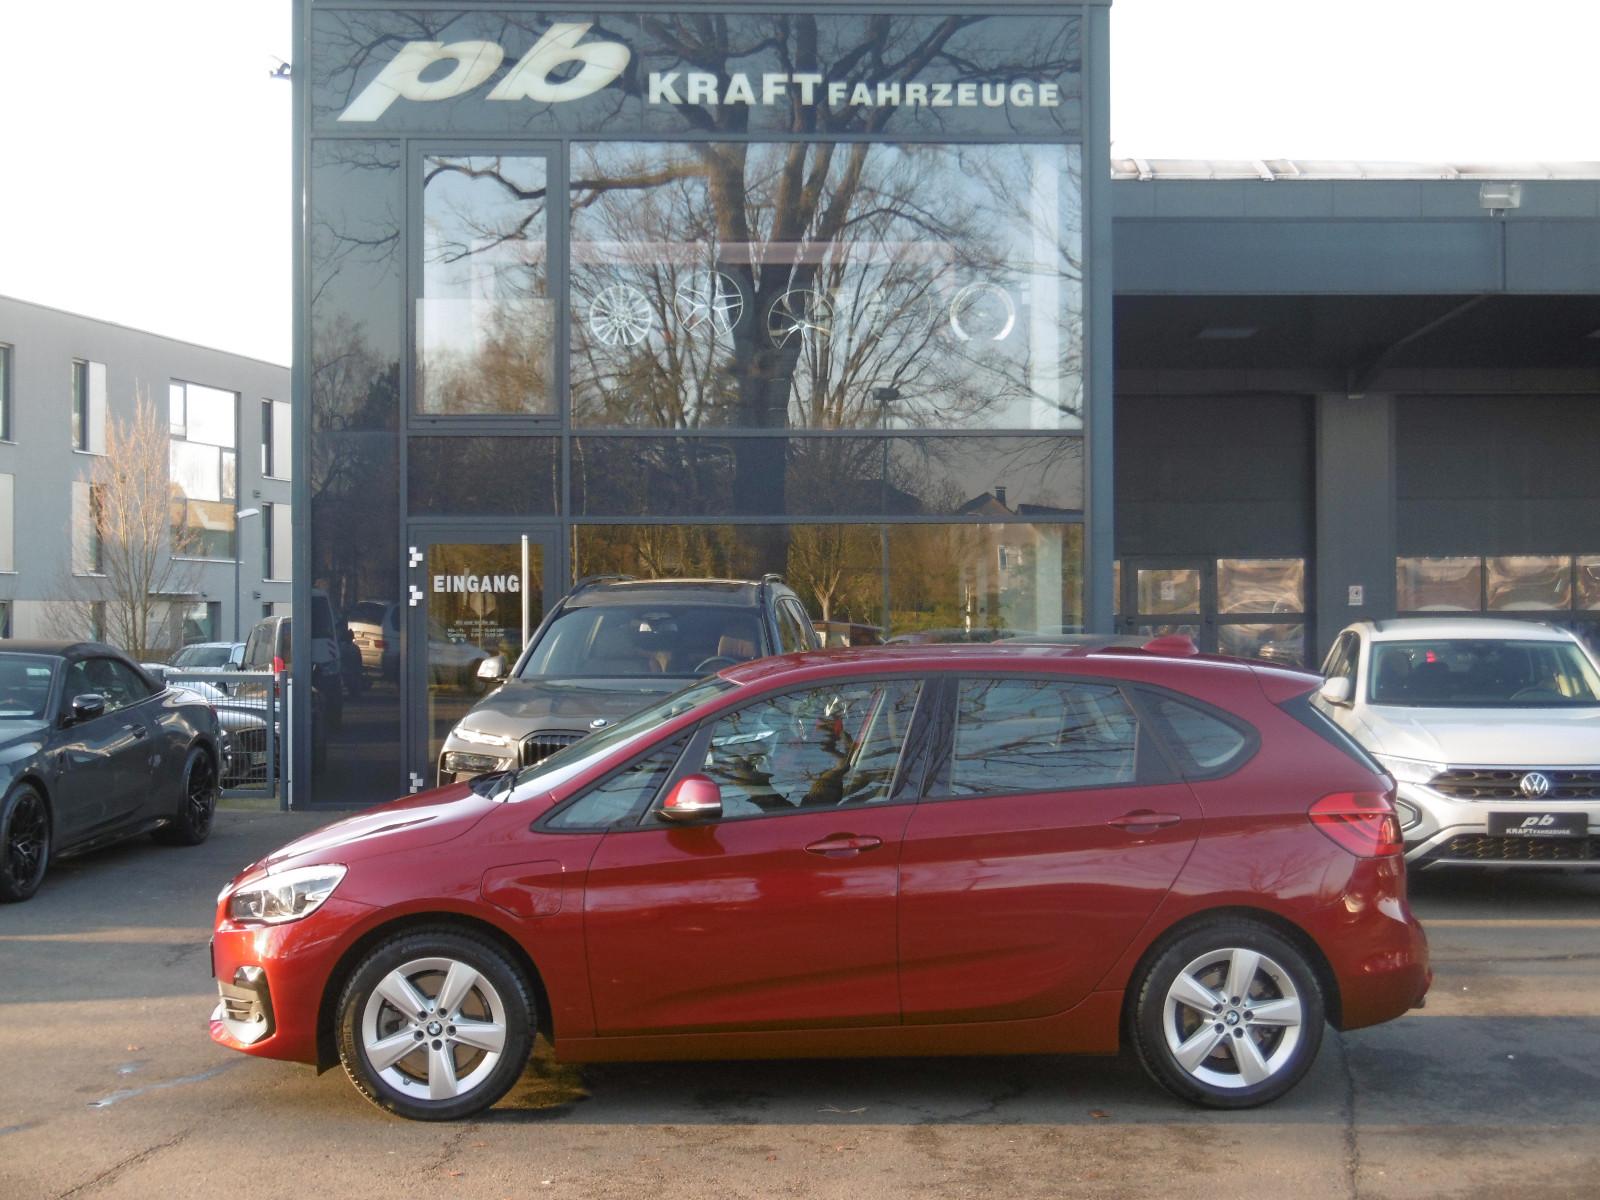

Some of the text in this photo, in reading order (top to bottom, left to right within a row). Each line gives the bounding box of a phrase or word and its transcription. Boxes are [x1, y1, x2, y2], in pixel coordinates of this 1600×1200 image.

[337, 23, 1061, 122] pb KRAFTFAHRZEUGE
[433, 574, 521, 593] EINGANG
[1520, 814, 1555, 827] pb
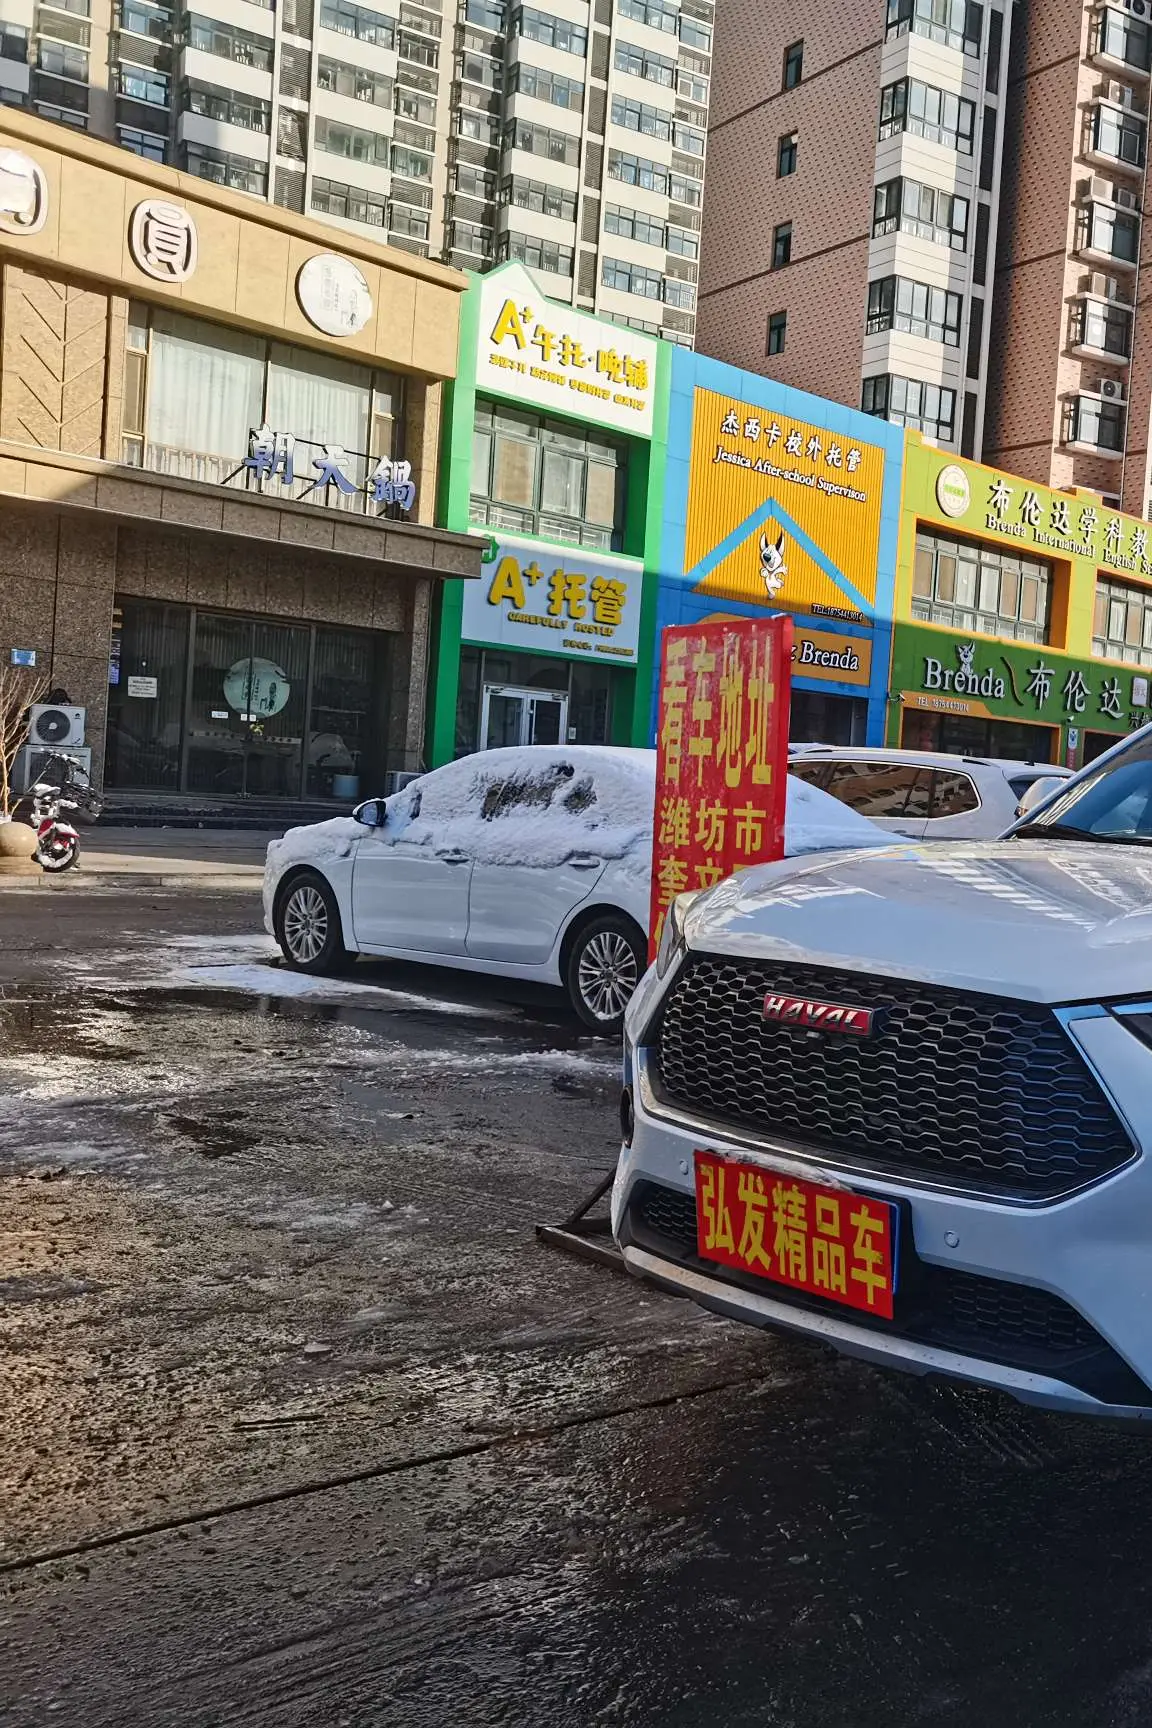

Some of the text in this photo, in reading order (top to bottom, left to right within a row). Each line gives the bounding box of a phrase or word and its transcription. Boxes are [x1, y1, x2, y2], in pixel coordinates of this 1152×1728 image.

[720, 409, 862, 472] 杰西卡校外托管
[713, 445, 867, 502] Jessica After-school Supervison
[985, 514, 1027, 538] Brenda
[1033, 528, 1096, 557] International
[1103, 549, 1136, 571] English
[800, 641, 859, 671] Brenda
[924, 656, 1005, 700] Brenda
[1026, 660, 1125, 720] 布伦达
[658, 795, 767, 856] 潍坊市
[658, 855, 755, 905] 奎文
[765, 995, 864, 1031] HAVAL
[700, 1163, 888, 1306] 弘发精品车
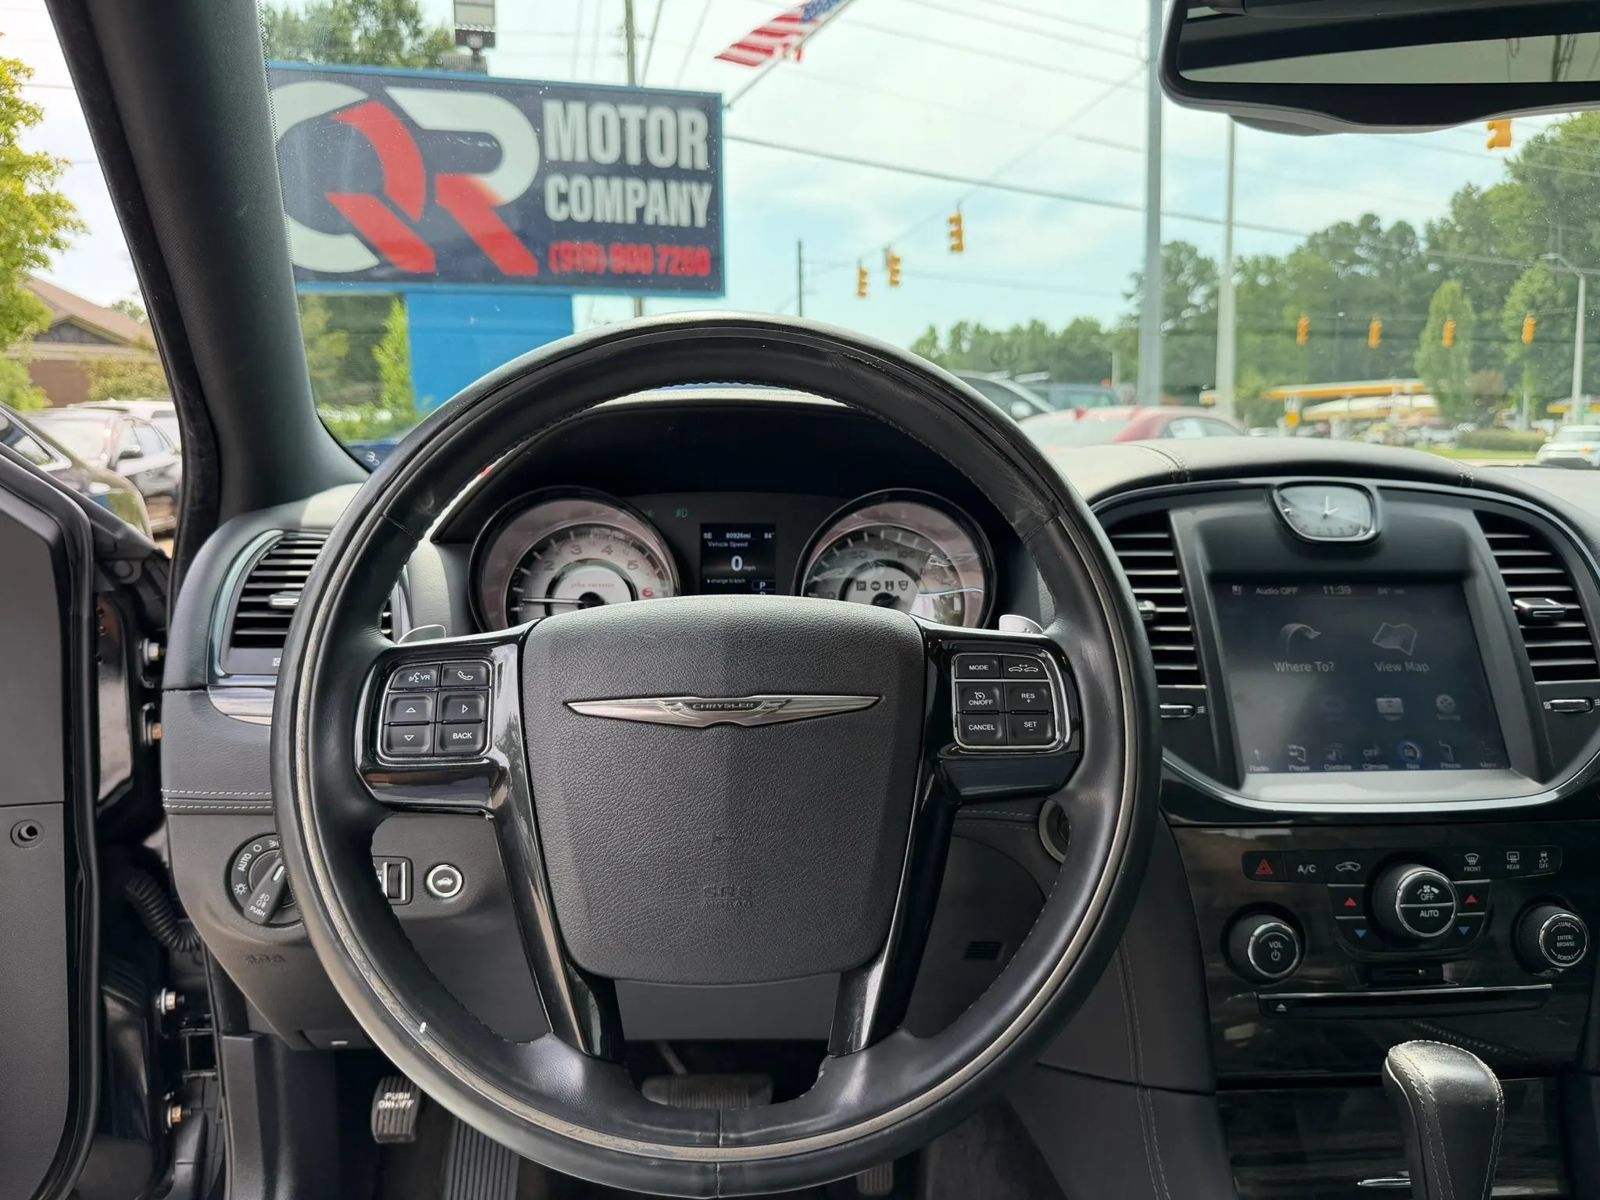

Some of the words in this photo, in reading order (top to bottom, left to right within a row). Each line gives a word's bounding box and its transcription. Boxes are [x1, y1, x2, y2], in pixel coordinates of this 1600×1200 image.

[543, 99, 709, 171] MOTOR
[544, 173, 713, 229] COMPANY
[571, 544, 582, 555] 3
[601, 544, 613, 555] 4
[729, 541, 749, 549] Speed
[543, 559, 555, 571] 2
[627, 559, 639, 570] 5
[730, 555, 743, 572] 0
[759, 581, 767, 589] P
[1255, 586, 1279, 595] Audio
[1280, 586, 1298, 595] OFF
[642, 587, 654, 598] 6
[1273, 661, 1312, 673] Where
[1314, 661, 1335, 673] To?
[1374, 661, 1401, 673] View
[1405, 661, 1430, 675] Map
[691, 702, 754, 710] CHRYSLER
[452, 732, 473, 740] BACK
[237, 853, 252, 872] AUTO
[1297, 864, 1317, 874] A/C
[248, 905, 266, 917] PUSH
[1419, 909, 1440, 917] AUTO
[1268, 941, 1283, 949] VOL

▶ [WORK INSTRUCTIONS] Your answer must be an exact copy of the records above, with every picture left out.

▶ [SOLUTION BELOW]
Some of the text in this photo, in reading order (top to bottom, left to right within a row). Each line gives the bounding box of a phrase or word and its transcription. Boxes are [x1, y1, x2, y2], in pixel coordinates of this 1600×1200 image.

[337, 23, 1061, 122] pb KRAFTFAHRZEUGE
[433, 574, 521, 593] EINGANG
[1520, 814, 1555, 827] pb

Some of the text in this photo, in reading order (top to bottom, left to right within a row). Each line gives the bounding box of a phrase or word and its transcription. Boxes are [x1, y1, x2, y2], in pixel coordinates of this 1152×1728 image.

[720, 409, 862, 472] 杰西卡校外托管
[713, 445, 867, 502] Jessica After-school Supervison
[985, 514, 1027, 538] Brenda
[1033, 528, 1096, 557] International
[1103, 549, 1136, 571] English
[800, 641, 859, 671] Brenda
[924, 656, 1005, 700] Brenda
[1026, 660, 1125, 720] 布伦达
[658, 795, 767, 856] 潍坊市
[658, 855, 755, 905] 奎文
[765, 995, 864, 1031] HAVAL
[700, 1163, 888, 1306] 弘发精品车

Some of the words in this photo, in reading order (top to bottom, left to right within a row). Each line gives a word's bounding box and its transcription. Boxes are [x1, y1, x2, y2], in pixel coordinates of this 1600×1200 image.

[543, 99, 709, 171] MOTOR
[544, 173, 713, 229] COMPANY
[571, 544, 582, 555] 3
[601, 544, 613, 555] 4
[729, 541, 749, 549] Speed
[543, 559, 555, 571] 2
[627, 559, 639, 570] 5
[730, 555, 743, 572] 0
[759, 581, 767, 589] P
[1255, 586, 1279, 595] Audio
[1280, 586, 1298, 595] OFF
[642, 587, 654, 598] 6
[1273, 661, 1312, 673] Where
[1314, 661, 1335, 673] To?
[1374, 661, 1401, 673] View
[1405, 661, 1430, 675] Map
[691, 702, 754, 710] CHRYSLER
[452, 732, 473, 740] BACK
[237, 853, 252, 872] AUTO
[1297, 864, 1317, 874] A/C
[248, 905, 266, 917] PUSH
[1419, 909, 1440, 917] AUTO
[1268, 941, 1283, 949] VOL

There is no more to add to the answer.